*What you are asked to do:* Could the data underneath be repeated exactly, in full?

━━━━━━━━━━━━━━━━━━━━━━━━━━━━━━

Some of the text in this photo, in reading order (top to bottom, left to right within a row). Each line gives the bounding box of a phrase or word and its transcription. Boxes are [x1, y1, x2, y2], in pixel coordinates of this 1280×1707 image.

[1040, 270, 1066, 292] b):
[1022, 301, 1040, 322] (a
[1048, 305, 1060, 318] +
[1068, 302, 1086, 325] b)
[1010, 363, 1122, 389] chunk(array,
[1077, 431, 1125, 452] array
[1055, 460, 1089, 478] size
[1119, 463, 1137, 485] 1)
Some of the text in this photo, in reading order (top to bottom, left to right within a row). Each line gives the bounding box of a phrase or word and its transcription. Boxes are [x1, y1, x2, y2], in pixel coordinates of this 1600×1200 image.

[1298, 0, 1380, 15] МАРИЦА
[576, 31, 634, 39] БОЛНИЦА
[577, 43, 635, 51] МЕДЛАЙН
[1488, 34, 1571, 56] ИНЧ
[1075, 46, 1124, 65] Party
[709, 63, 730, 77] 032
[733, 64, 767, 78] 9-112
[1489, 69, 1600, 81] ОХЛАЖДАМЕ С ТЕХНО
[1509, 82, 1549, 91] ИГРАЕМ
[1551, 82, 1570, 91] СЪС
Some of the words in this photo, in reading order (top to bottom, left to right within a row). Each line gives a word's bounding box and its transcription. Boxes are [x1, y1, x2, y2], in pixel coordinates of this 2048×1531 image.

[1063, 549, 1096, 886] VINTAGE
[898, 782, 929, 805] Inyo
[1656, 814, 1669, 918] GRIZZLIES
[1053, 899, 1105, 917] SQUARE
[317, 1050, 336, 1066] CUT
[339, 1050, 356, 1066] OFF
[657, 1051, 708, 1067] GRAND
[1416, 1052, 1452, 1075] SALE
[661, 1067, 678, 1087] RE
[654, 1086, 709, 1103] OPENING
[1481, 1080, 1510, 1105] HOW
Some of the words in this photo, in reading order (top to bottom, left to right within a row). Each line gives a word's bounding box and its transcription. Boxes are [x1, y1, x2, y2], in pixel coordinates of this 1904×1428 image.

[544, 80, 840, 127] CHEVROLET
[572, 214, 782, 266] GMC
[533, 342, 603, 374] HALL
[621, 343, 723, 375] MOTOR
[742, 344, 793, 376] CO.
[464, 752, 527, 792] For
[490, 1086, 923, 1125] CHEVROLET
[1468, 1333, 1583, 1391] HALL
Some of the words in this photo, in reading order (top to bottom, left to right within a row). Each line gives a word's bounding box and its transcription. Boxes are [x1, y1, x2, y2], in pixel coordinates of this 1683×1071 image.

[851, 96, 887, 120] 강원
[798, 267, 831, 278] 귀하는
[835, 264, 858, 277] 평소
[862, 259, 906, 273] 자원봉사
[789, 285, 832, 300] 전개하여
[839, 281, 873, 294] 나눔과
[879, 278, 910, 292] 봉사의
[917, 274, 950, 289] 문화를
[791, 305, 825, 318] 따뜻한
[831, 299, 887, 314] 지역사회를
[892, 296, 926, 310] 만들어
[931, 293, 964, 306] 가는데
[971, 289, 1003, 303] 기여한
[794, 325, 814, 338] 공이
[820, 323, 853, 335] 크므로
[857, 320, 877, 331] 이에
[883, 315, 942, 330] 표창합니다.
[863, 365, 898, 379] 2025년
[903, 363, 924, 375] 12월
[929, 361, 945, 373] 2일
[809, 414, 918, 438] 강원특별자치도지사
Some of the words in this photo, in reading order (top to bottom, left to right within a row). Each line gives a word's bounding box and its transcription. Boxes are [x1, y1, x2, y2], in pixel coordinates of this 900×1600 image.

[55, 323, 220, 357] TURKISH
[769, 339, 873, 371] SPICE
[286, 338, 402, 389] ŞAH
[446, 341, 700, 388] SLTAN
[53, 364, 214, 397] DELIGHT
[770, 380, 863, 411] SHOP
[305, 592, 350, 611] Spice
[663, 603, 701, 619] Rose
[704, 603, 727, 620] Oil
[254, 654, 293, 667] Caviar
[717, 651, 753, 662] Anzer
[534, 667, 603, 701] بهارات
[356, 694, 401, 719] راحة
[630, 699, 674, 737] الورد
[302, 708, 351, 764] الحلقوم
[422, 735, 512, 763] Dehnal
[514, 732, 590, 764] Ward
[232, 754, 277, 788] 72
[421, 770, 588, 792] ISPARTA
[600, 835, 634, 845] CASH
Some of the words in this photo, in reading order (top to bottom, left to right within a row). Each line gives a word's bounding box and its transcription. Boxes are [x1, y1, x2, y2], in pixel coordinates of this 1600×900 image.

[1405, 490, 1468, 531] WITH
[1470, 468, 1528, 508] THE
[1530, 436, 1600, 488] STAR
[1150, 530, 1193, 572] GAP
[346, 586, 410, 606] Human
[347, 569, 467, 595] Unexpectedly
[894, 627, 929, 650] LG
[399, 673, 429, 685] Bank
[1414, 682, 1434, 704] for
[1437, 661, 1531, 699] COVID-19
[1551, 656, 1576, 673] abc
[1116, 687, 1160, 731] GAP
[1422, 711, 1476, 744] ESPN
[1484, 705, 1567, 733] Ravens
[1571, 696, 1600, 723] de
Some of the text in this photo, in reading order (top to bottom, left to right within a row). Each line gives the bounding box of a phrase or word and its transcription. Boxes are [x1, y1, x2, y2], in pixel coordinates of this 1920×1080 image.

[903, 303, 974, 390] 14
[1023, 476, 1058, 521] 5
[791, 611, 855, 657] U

━━━━━━━━━━━━━━━━━━━━━━━━━━━━━━

*Your solution:*
Some of the text in this photo, in reading order (top to bottom, left to right within a row). Each line gives the bounding box of a phrase or word and its transcription. Boxes are [x1, y1, x2, y2], in pixel coordinates of this 1280×1707 image.

[1040, 270, 1066, 292] b):
[1022, 301, 1040, 322] (a
[1048, 305, 1060, 318] +
[1068, 302, 1086, 325] b)
[1010, 363, 1122, 389] chunk(array,
[1077, 431, 1125, 452] array
[1055, 460, 1089, 478] size
[1119, 463, 1137, 485] 1)
Some of the text in this photo, in reading order (top to bottom, left to right within a row). Each line gives the bounding box of a phrase or word and its transcription. Boxes are [x1, y1, x2, y2], in pixel coordinates of this 1600×1200 image.

[1298, 0, 1380, 15] МАРИЦА
[576, 31, 634, 39] БОЛНИЦА
[577, 43, 635, 51] МЕДЛАЙН
[1488, 34, 1571, 56] ИНЧ
[1075, 46, 1124, 65] Party
[709, 63, 730, 77] 032
[733, 64, 767, 78] 9-112
[1489, 69, 1600, 81] ОХЛАЖДАМЕ С ТЕХНО
[1509, 82, 1549, 91] ИГРАЕМ
[1551, 82, 1570, 91] СЪС
Some of the words in this photo, in reading order (top to bottom, left to right within a row). Each line gives a word's bounding box and its transcription. Boxes are [x1, y1, x2, y2], in pixel coordinates of this 2048×1531 image.

[1063, 549, 1096, 886] VINTAGE
[898, 782, 929, 805] Inyo
[1656, 814, 1669, 918] GRIZZLIES
[1053, 899, 1105, 917] SQUARE
[317, 1050, 336, 1066] CUT
[339, 1050, 356, 1066] OFF
[657, 1051, 708, 1067] GRAND
[1416, 1052, 1452, 1075] SALE
[661, 1067, 678, 1087] RE
[654, 1086, 709, 1103] OPENING
[1481, 1080, 1510, 1105] HOW
Some of the words in this photo, in reading order (top to bottom, left to right within a row). Each line gives a word's bounding box and its transcription. Boxes are [x1, y1, x2, y2], in pixel coordinates of this 1904×1428 image.

[544, 80, 840, 127] CHEVROLET
[572, 214, 782, 266] GMC
[533, 342, 603, 374] HALL
[621, 343, 723, 375] MOTOR
[742, 344, 793, 376] CO.
[464, 752, 527, 792] For
[490, 1086, 923, 1125] CHEVROLET
[1468, 1333, 1583, 1391] HALL
Some of the words in this photo, in reading order (top to bottom, left to right within a row). Each line gives a word's bounding box and its transcription. Boxes are [x1, y1, x2, y2], in pixel coordinates of this 1683×1071 image.

[851, 96, 887, 120] 강원
[798, 267, 831, 278] 귀하는
[835, 264, 858, 277] 평소
[862, 259, 906, 273] 자원봉사
[789, 285, 832, 300] 전개하여
[839, 281, 873, 294] 나눔과
[879, 278, 910, 292] 봉사의
[917, 274, 950, 289] 문화를
[791, 305, 825, 318] 따뜻한
[831, 299, 887, 314] 지역사회를
[892, 296, 926, 310] 만들어
[931, 293, 964, 306] 가는데
[971, 289, 1003, 303] 기여한
[794, 325, 814, 338] 공이
[820, 323, 853, 335] 크므로
[857, 320, 877, 331] 이에
[883, 315, 942, 330] 표창합니다.
[863, 365, 898, 379] 2025년
[903, 363, 924, 375] 12월
[929, 361, 945, 373] 2일
[809, 414, 918, 438] 강원특별자치도지사
Some of the words in this photo, in reading order (top to bottom, left to right within a row). Each line gives a word's bounding box and its transcription. Boxes are [x1, y1, x2, y2], in pixel coordinates of this 900×1600 image.

[55, 323, 220, 357] TURKISH
[769, 339, 873, 371] SPICE
[286, 338, 402, 389] ŞAH
[446, 341, 700, 388] SLTAN
[53, 364, 214, 397] DELIGHT
[770, 380, 863, 411] SHOP
[305, 592, 350, 611] Spice
[663, 603, 701, 619] Rose
[704, 603, 727, 620] Oil
[254, 654, 293, 667] Caviar
[717, 651, 753, 662] Anzer
[534, 667, 603, 701] بهارات
[356, 694, 401, 719] راحة
[630, 699, 674, 737] الورد
[302, 708, 351, 764] الحلقوم
[422, 735, 512, 763] Dehnal
[514, 732, 590, 764] Ward
[232, 754, 277, 788] 72
[421, 770, 588, 792] ISPARTA
[600, 835, 634, 845] CASH
Some of the words in this photo, in reading order (top to bottom, left to right within a row). Each line gives a word's bounding box and its transcription. Boxes are [x1, y1, x2, y2], in pixel coordinates of this 1600×900 image.

[1405, 490, 1468, 531] WITH
[1470, 468, 1528, 508] THE
[1530, 436, 1600, 488] STAR
[1150, 530, 1193, 572] GAP
[346, 586, 410, 606] Human
[347, 569, 467, 595] Unexpectedly
[894, 627, 929, 650] LG
[399, 673, 429, 685] Bank
[1414, 682, 1434, 704] for
[1437, 661, 1531, 699] COVID-19
[1551, 656, 1576, 673] abc
[1116, 687, 1160, 731] GAP
[1422, 711, 1476, 744] ESPN
[1484, 705, 1567, 733] Ravens
[1571, 696, 1600, 723] de
Some of the text in this photo, in reading order (top to bottom, left to right within a row). Each line gives the bounding box of a phrase or word and its transcription. Boxes are [x1, y1, x2, y2], in pixel coordinates of this 1920×1080 image.

[903, 303, 974, 390] 14
[1023, 476, 1058, 521] 5
[791, 611, 855, 657] U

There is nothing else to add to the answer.